Майор Скворцов подозвал к себе Теткина.
— Кто такая? — спросил он вполголоса, указав подбородком на женщину.
— Это? Лидка Ромнич, наш конструктор. Мировая баба, даром что тощая. А ты разве ее не знаешь?
— Что-то слышал. Из группы Волкорезова, по боевым частям?
— Ага.
— Я думал, Ромнич — мужчина.
— Многие так думают. А как она тебе?
— Больно уж некрасивая.
— А по-моему, ничего. Впрочем, я уже привык.

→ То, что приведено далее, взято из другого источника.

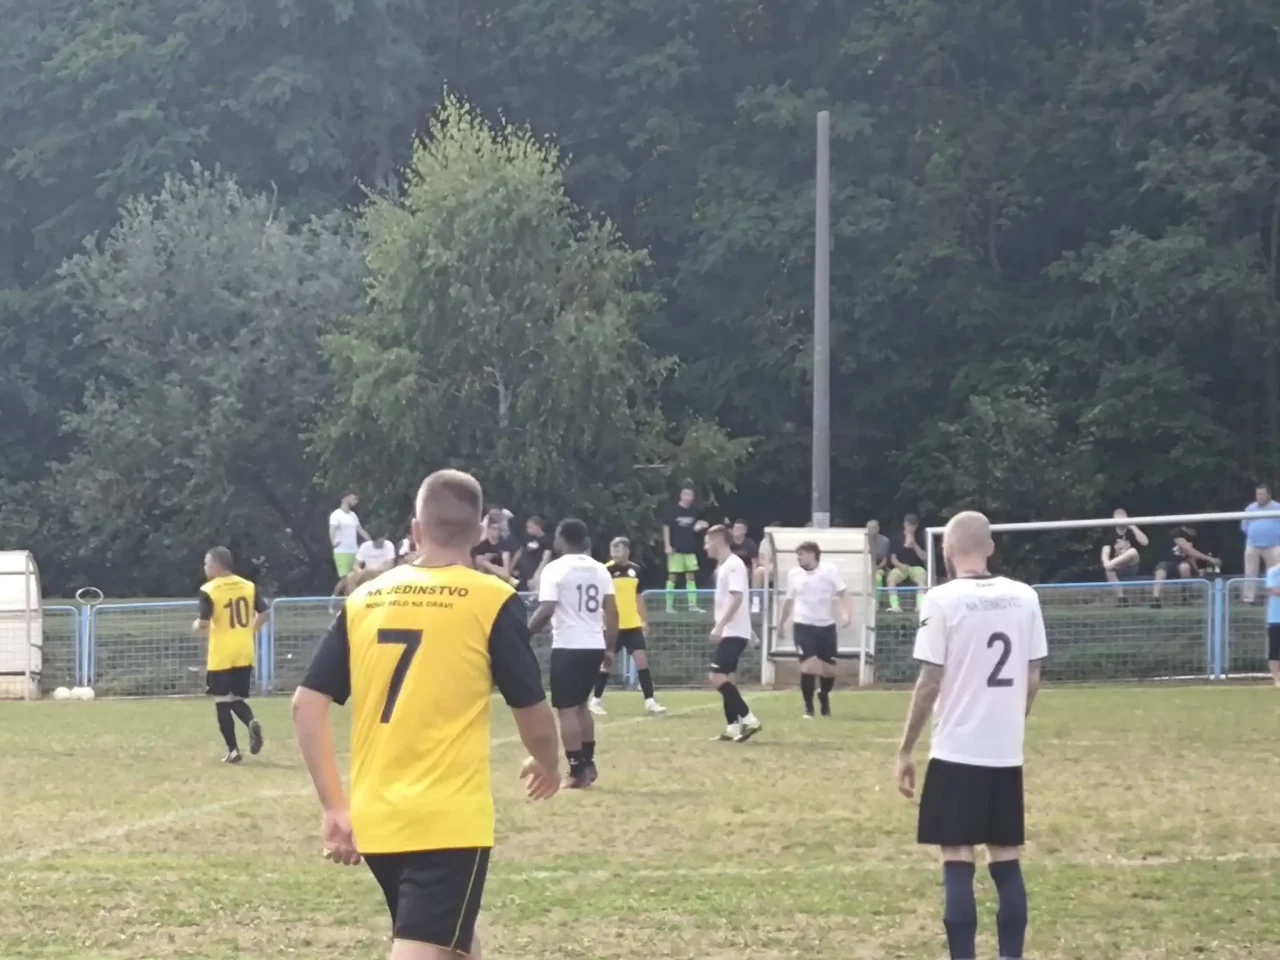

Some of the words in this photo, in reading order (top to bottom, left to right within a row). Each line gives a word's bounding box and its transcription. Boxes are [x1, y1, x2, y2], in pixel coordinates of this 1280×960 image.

Из служебного здания вышел высокий вялый летчик в обвисшем комбинезоне. Скворцов подошел к нему.
— Послушайте, где тут все ваше начальство?
— А что?
— Мы с группой сотрудников и багажом прибыли для специального рейса в Лихаревку. Полетный лист у меня. Вылет назначен на шесть сорок. Почему не дают вылета?